He quickly took his wallet out of his back pocket. Doña Lupe felt the sweat-moistened bank notes in her hand and heard a gentlemanly voice thanking her for all her trouble and advising her to forget the whole thing. Then she saw the shadow of the older man walk out of the shack toward the jeep. But the younger shadow poked its pistol in her chest again before leaving: “If you open your mouth, you know what will happen to you. Remember that.”

“And the kid and the girl got into the jeep like two little lambs, just like that? And they just drove off?” The lieutenant couldn’t believe it, judging by the expression on his face. Lituma didn’t believe it either.

“She didn’t want to, she didn’t trust them, and tried to stop him: Let’s stay right here. Don’t believe him, don’t believe him.”

“Come on now, let’s get going, my dear,” the voice of the older one encouraged them from the jeep. “He’s a deserter, don’t forget. He has to go back. This has to be taken care of immediately. This black mark has to be erased from his service record. He’s got to think of his future. Let’s get going.”

“Yes, dear, he’s right, he’s forgiven us, let’s do what he wants and get in. I believe what he says. He wouldn’t lie.”

“He wouldn’t lie.” Lituma felt a tear run down his cheek to his lips. It was salty, a drop of sea water. He kept on hearing Doña Lupe, her voice as deep as the ocean, interrupted from time to time by the lieutenant’s questions. He vaguely understood that she was no longer telling anything she hadn’t already said about the matter they had come to investigate. She cursed her bad luck, she wondered what would happen to her, she asked heaven what sin she’d committed that she should be tangled up in this horrible story. At times she sobbed. But nothing she said interested Lituma.
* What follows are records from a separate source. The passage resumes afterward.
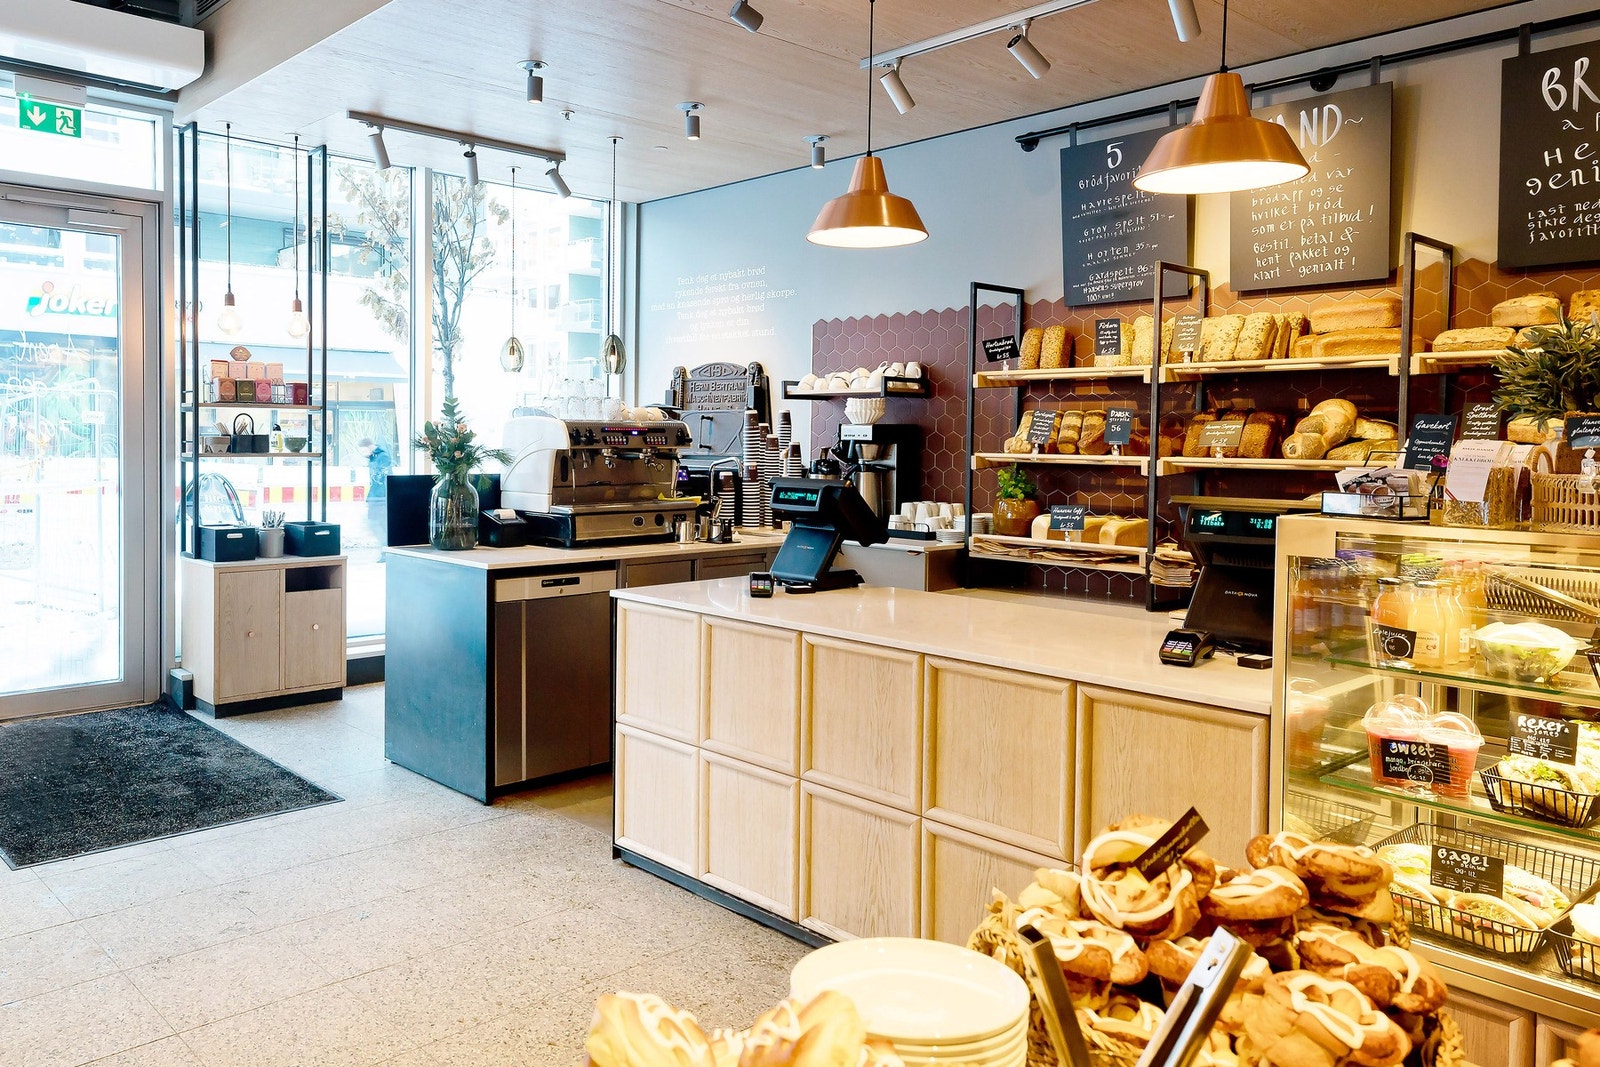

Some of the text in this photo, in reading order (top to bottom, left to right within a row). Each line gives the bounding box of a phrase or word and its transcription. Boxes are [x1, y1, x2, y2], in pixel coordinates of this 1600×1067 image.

[1106, 142, 1124, 169] 5
[1310, 188, 1323, 197] og
[1329, 184, 1344, 193] se
[1251, 223, 1275, 237] som
[1280, 219, 1295, 231] er
[1528, 216, 1567, 230] sikre
[1301, 232, 1334, 246] betal
[1340, 226, 1360, 243] &
[1256, 245, 1350, 268] hent pakket og
[1415, 420, 1452, 430] Gavekort
[1437, 848, 1490, 867] Bagel
It was a kind of waking dream, again and again he saw the happy couple enjoying their premarital honeymoon in the humble streets of Amotape: he a half-breed cholo from Castilla; she a white girl of good family. There are no barriers to love, as the old waltz said. In this case the song was correct: love had broken through social and racial prejudices, as well as the economic abyss that separated the two lovers. The love they must have felt for each other had to have been intense, uncontrollable, to make them do what they did. “I’ve never felt a love like that, not even that time I fell in love with Meche, Josefmo’s girl.” No, he’d fallen in love a couple of times, but they were passing fancies that faded if the woman gave in or if she put up such a strong resistance that he finally got bored. But he’d never felt a love so powerful he’d risk his life for it, the kind the kid had felt, the kind that had made the girt stand up to the whole world. “Maybe I’m not the kind who gets to feel real love,” he thought. “Probably it’s because I’ve spent my life chasing whores with the Unstoppables, my heart’s turned whore, and now I can’t love a woman the way the kid did.”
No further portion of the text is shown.